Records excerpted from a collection
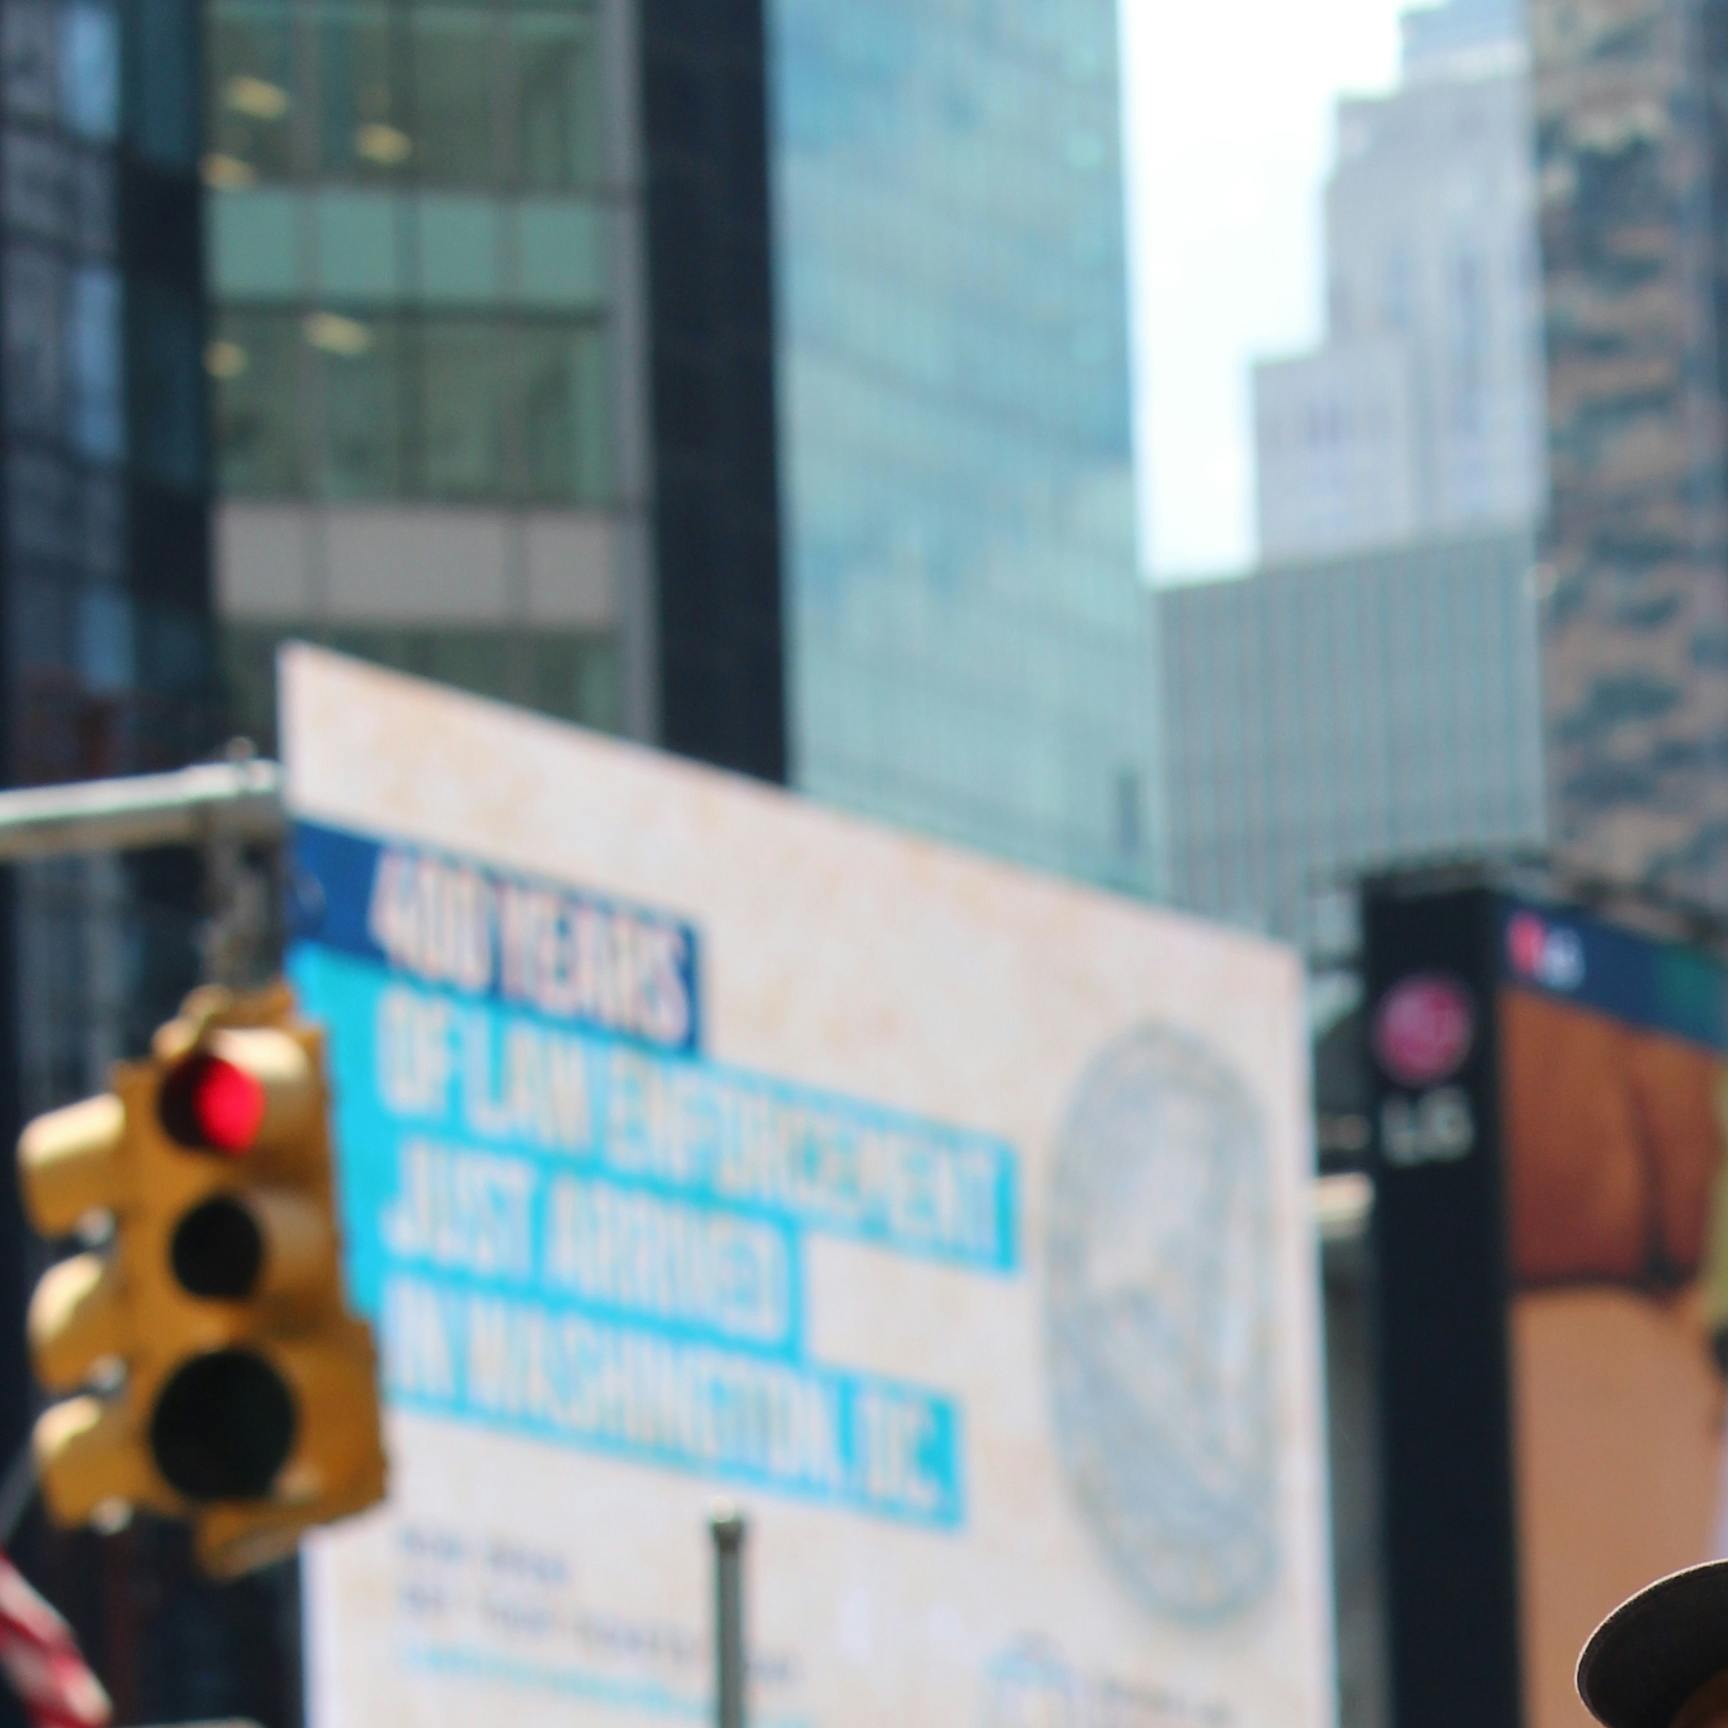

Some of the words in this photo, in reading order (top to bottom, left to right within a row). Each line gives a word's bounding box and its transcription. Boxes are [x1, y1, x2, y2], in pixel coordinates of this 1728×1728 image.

[499, 880, 688, 1046] YEARS
[380, 1135, 533, 1290] JUST
[546, 1172, 787, 1343] ARRIVED
[462, 1005, 592, 1158] LAW
[600, 1040, 1001, 1268] ENFORCEMENT
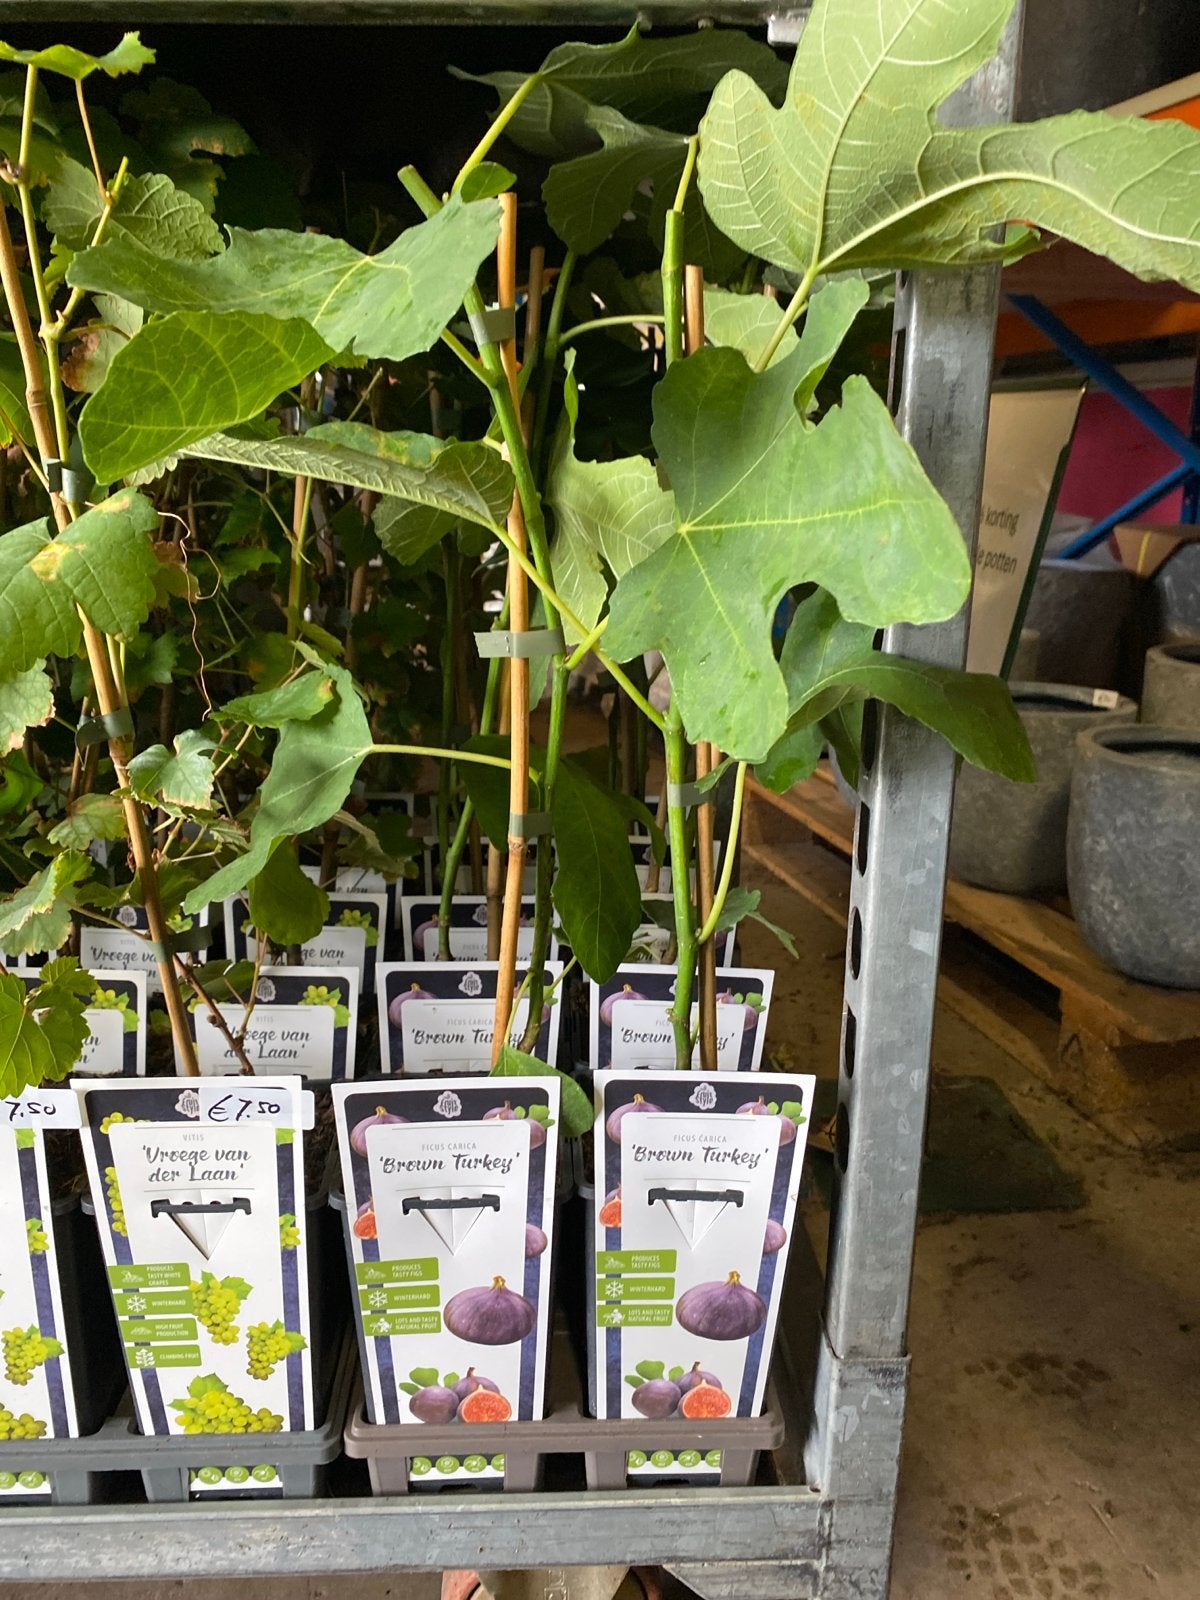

• _Exercise objective_
Make an exact copy of every record, pictures excluded.

• _Worked solution_
Some of the words in this photo, in reading order (top to bottom, left to right within a row). Each line gives a word's bounding box and its transcription. Boxes are [x1, y1, x2, y2], in pixel coordinates of this 1728×1728 image.

[499, 880, 688, 1046] YEARS
[380, 1135, 533, 1290] JUST
[546, 1172, 787, 1343] ARRIVED
[462, 1005, 592, 1158] LAW
[600, 1040, 1001, 1268] ENFORCEMENT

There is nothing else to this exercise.